Output every entry below word for word, without its pictures.

======== GIVEN RECORDS

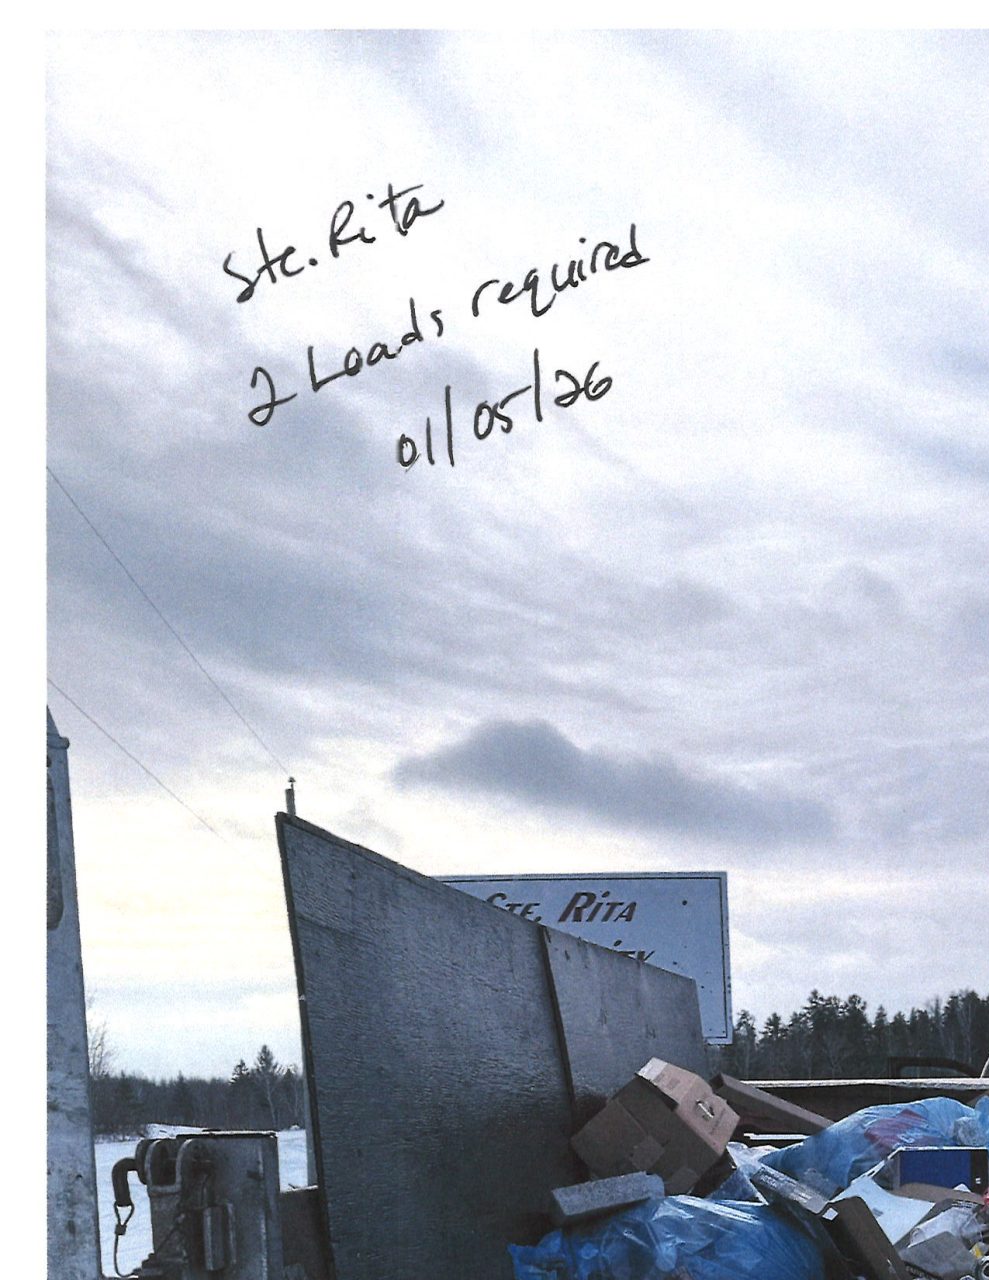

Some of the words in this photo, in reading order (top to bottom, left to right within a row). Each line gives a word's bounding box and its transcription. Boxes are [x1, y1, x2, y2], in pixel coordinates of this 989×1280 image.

[248, 367, 297, 426] 2
[308, 298, 443, 392] Loads
[472, 224, 649, 317] required
[398, 349, 612, 467] 01/05/26
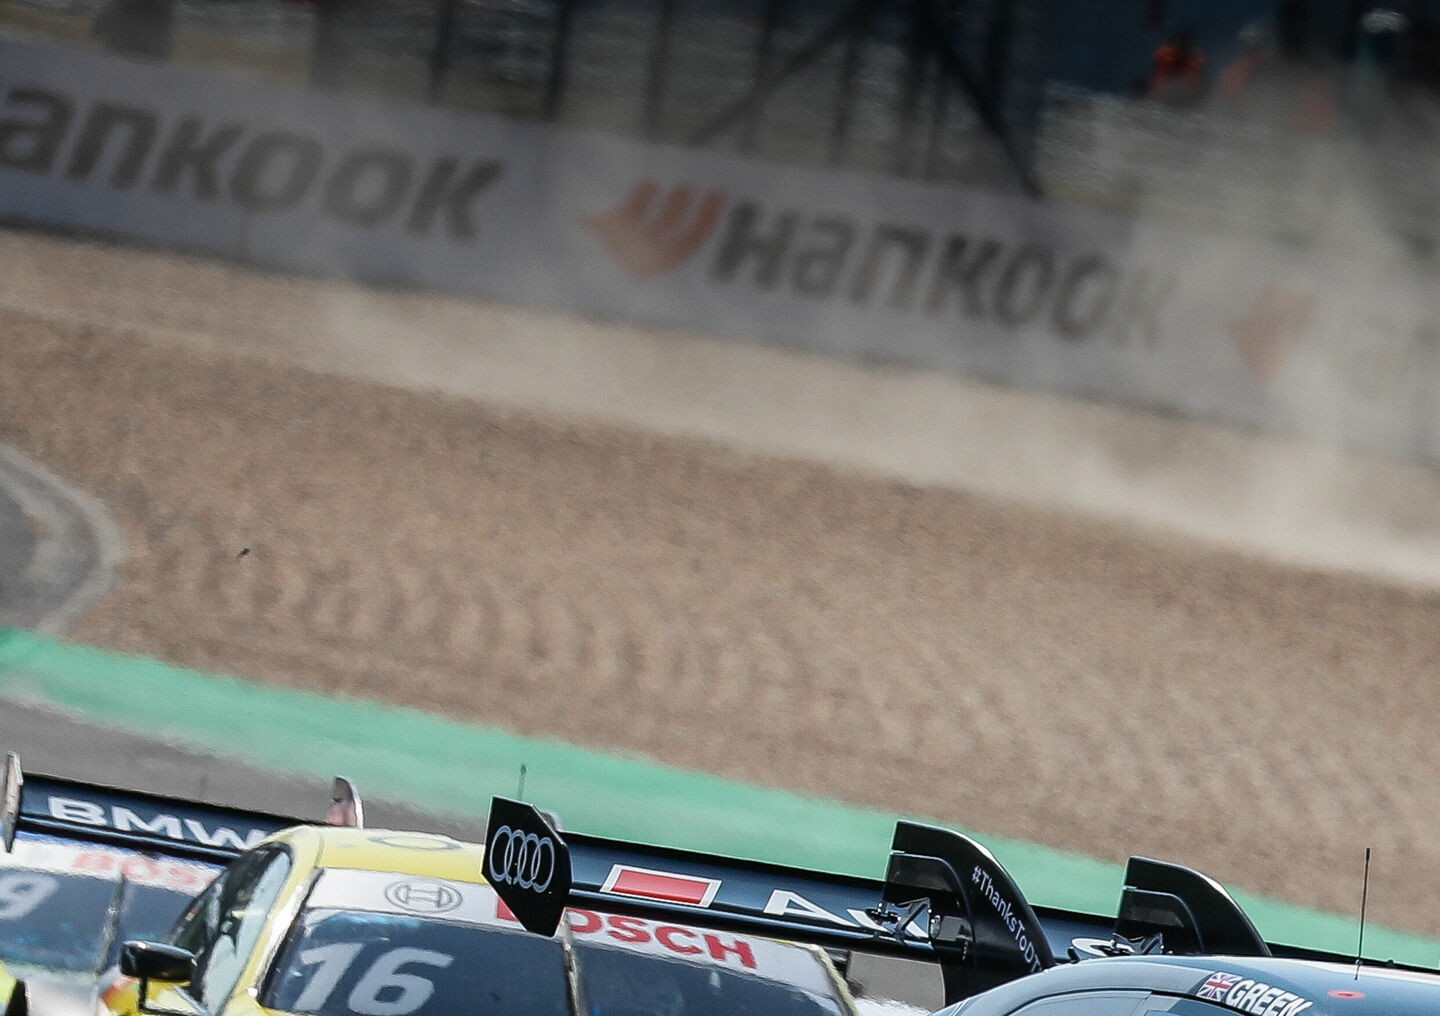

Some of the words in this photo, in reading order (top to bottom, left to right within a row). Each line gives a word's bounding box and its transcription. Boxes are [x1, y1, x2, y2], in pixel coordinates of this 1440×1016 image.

================

**RESULT OF THE EXERCISE**
Some of the words in this photo, in reading order (top to bottom, left to right within a row). Each line gives a word's bounding box and its transcription. Boxes are [x1, y1, x2, y2], in pixel coordinates of this 989×1280 image.

[248, 367, 297, 426] 2
[308, 298, 443, 392] Loads
[472, 224, 649, 317] required
[398, 349, 612, 467] 01/05/26

Some of the words in this photo, in reading order (top to bottom, left to right within a row). Each line gives a word's bounding box and its transcription. Boxes are [x1, y1, x2, y2], in pixel coordinates of this 1440×1016 image.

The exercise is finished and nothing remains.